We had good seats located in the orchestra right section (of course there are really no bad seats at the Fox). We were dolled up and dressed for a night on the town and enjoyed conversing with some of the Fox volunteers who willingly shared the history of the Fox Theater. We then found our seats and waited for the houselights to go down and the orchestra to begin.
This was going to be a packed house and it was fun people watching as folks found their seats. At a little after 8:00pm the houselights were dimmed, the orchestra began and the show's first neon sign dropped from the ceiling heralding the start of the show. The first song had begun and in troops four loud and obnoxious women with one very emasculated man in tow. They are laughing loudly, and talking above the show and standing in the aisles shaking their butts at each other. They refused to sit down and I whispered to the rotund woman standing in front of me to please sit down as the show had begun. She gave me a dirty look and proceeded to nest into her seat. Unfortunately, my sister had to deal with a nuttier woman who refused to stop singly loudly (and badly) and insisted upon waving her arms as high as she could reach. Several other "ssshhhhh's" from other audience members ensued but to no avail as these rude women continued to treat this lovely theater as their personal living room. Ten minutes into the first act, and luckily two of them left to drink at the bar, the hand waving woman was still in front of my sister loudly proclaiming that "Frankie was my man, that Frankie is my man and I'm all over him". My sister leaned in and also very quietly and politely asked her to please put her hands down as she is a distraction. She did quiet down for about 30 minutes but when her "booze bag" friends showed back up, she was loudly singing again. With the end of the first act and the house lights turned up, the ill-mannered and drunk woman in front of me turned to us and pokes her finger at everyone in our row demanding to know who told her sister to stop singing and waving her hands.

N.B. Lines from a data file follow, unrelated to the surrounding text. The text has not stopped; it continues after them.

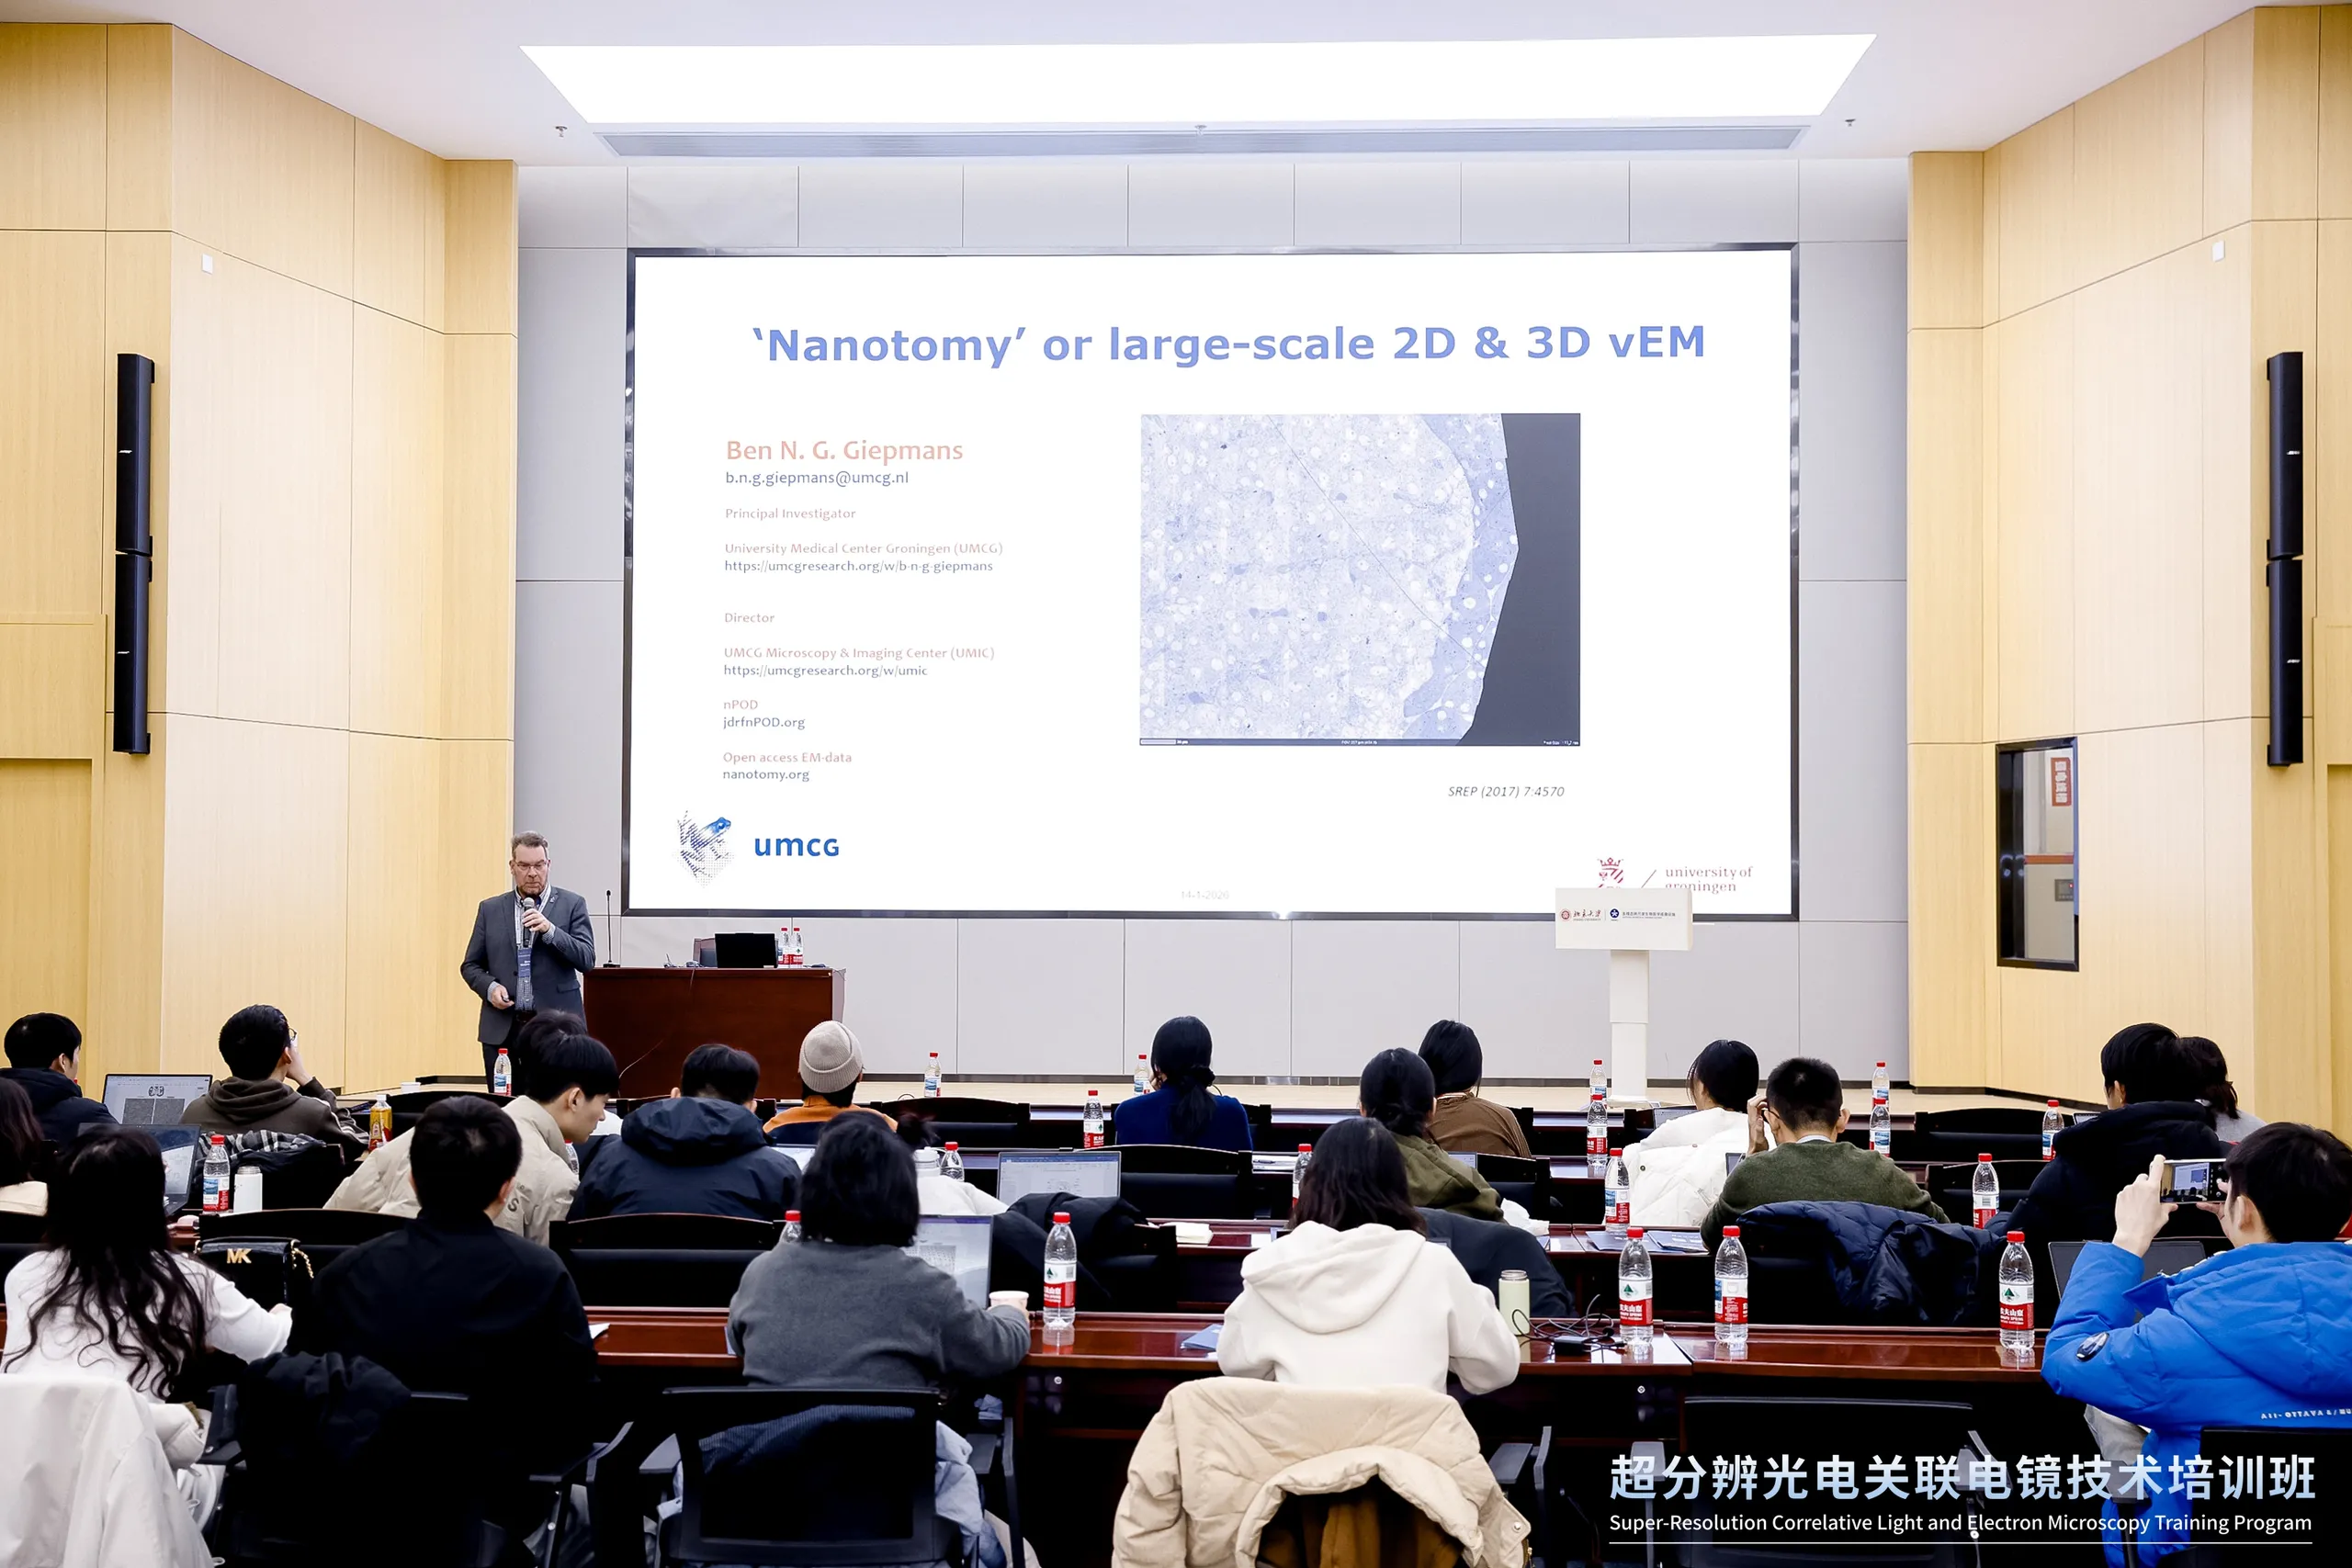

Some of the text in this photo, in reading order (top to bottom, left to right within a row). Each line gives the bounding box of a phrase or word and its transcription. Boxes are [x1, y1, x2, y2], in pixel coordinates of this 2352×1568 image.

[1044, 336, 1092, 360] or
[1111, 326, 1374, 368] large-scale
[1394, 327, 1455, 359] 2D
[1475, 326, 1510, 359] &
[1528, 326, 1589, 358] 3D
[1609, 325, 1704, 358] vEM
[727, 440, 963, 465] Ben N. G. Giepmans
[725, 471, 909, 486] b.n.g.giepmans@umcg.nl
[725, 508, 856, 522] Principal Investigator
[725, 542, 1003, 557] University Medical Center Groningen (UMCG)
[724, 612, 775, 624] Director
[724, 647, 995, 661] UMCG Microscopy & Imaging Center (UMIC)
[724, 664, 928, 678] https://umcgresearch.org/w/umic
[723, 699, 759, 711] nPOD
[723, 716, 806, 730] jdrfnPOD.org
[723, 751, 853, 765] Open access EM-data
[723, 770, 810, 783] nanotomy.org
[1448, 785, 1565, 799] SREP (2017) 7:4570
[1666, 866, 1753, 880] university of
[226, 1247, 253, 1264] MK

Being Jersey girls, Sis and I looked at each other and we both raised our hands and said, "We did." "Ya gotta problem with that?" This woman started yelling at us and then threatened the folks in our row. So sis gets up, leaves the seats and meets with the Fox Theater manager. Long story short, three ushers escort sis back to our seats, they wave for me to follow them and we are escorted to center row, 11 seats from the close we can see the Jersey Boys sweat! It was fantastic. The other two ushers remained standing at our previous seating row and baby-sat the rude group until the show ended.

The Fox was more than happy to ensure that our theater experience was a good one and corrected the problem by escorting us to very expensive, front and center seats so we could enjoy the second act. I thank the Fox for their enforecment of proper theater etiquette. What sis and I will never understand is that this group of women were at least my age or older. We are all from a generation that was taught how to behave at live theater venues and not treat it as a personal living room. I was disappointed in their behavior as I had expected much better from women my age, but they had no respect for the other theater patrons and they made it all about them. Glad that the Fox would not tolerate this. It was a terrific show and I recommend it to everyone.